[Collected data]
+ + + +

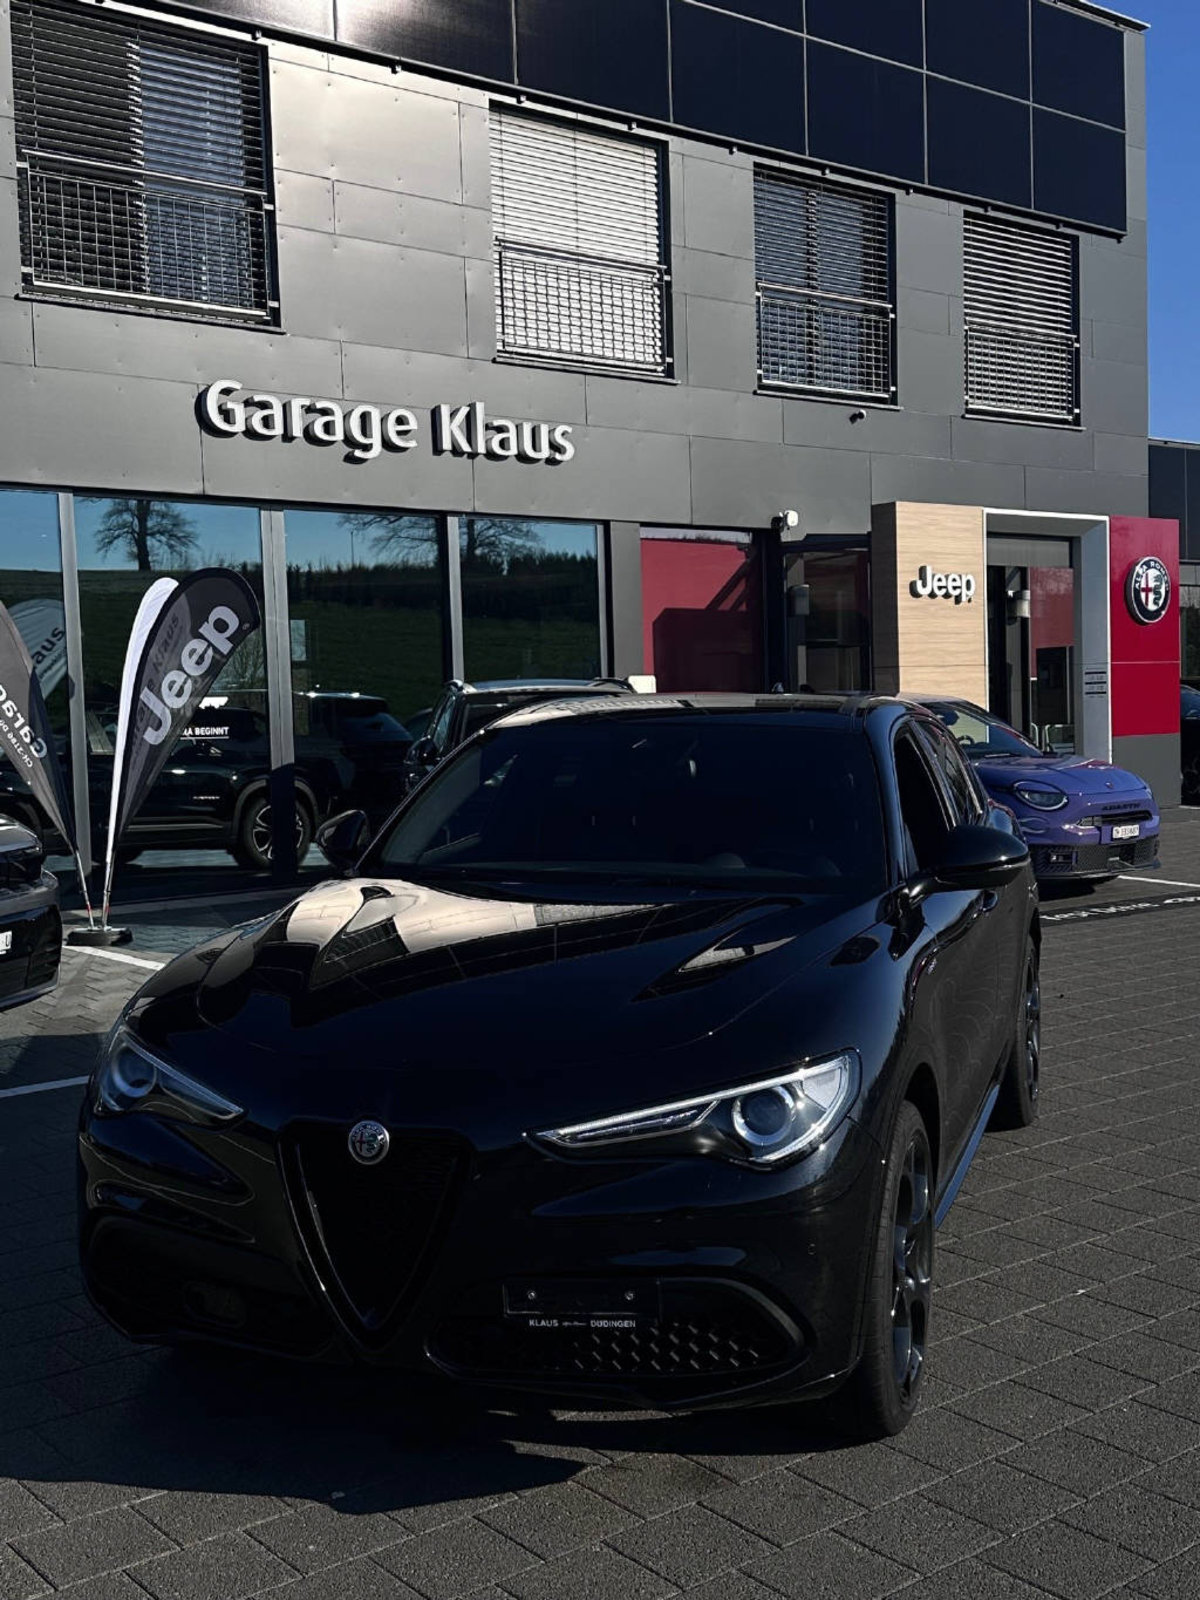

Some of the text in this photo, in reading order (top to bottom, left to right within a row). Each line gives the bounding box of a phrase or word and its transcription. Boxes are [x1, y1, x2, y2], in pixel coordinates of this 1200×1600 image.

[199, 379, 575, 463] Garage Klaus
[913, 565, 976, 603] Jeep
[32, 627, 65, 670] aus
[140, 605, 240, 745] Jeep
[194, 726, 230, 736] BEGINNT
[529, 1319, 559, 1328] KLAUS
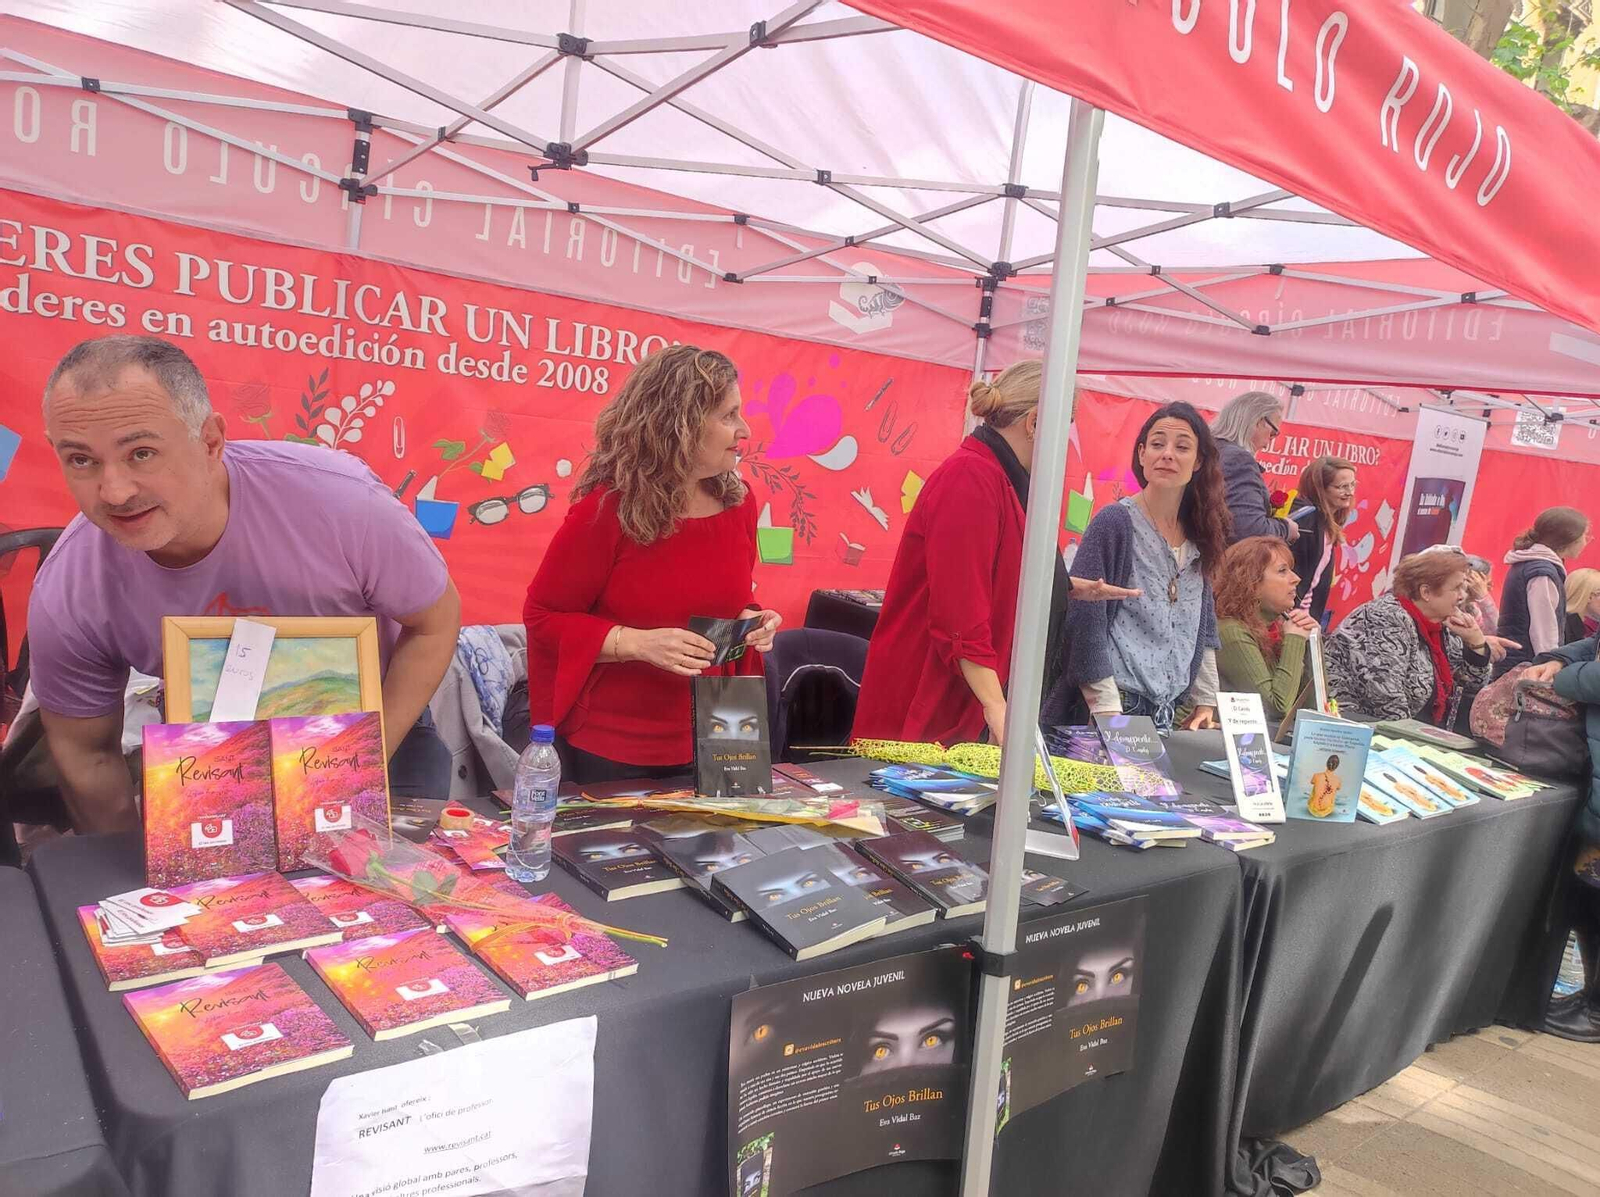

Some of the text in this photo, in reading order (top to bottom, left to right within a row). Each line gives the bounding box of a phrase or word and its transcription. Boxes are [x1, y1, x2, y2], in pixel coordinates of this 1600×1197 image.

+ + + +

### INSTRUCTIONS TO FOLLOW
Drop the pictures and set down the data above exactly.

### EXERCISE RESULT
Some of the text in this photo, in reading order (top to bottom, left to right within a row). Each line gives the bounding box of a phrase or word and its transcription. Boxes are [x1, y1, x2, y2], in pixel coordinates of this 1200×1600 image.

[199, 379, 575, 463] Garage Klaus
[913, 565, 976, 603] Jeep
[32, 627, 65, 670] aus
[140, 605, 240, 745] Jeep
[194, 726, 230, 736] BEGINNT
[529, 1319, 559, 1328] KLAUS

Some of the text in this photo, in reading order (top to bottom, left to right within a row). Each line gives the bounding box of a phrase or word and its transcription. Boxes are [x1, y1, x2, y2], in pixel coordinates of this 1600×1197 image.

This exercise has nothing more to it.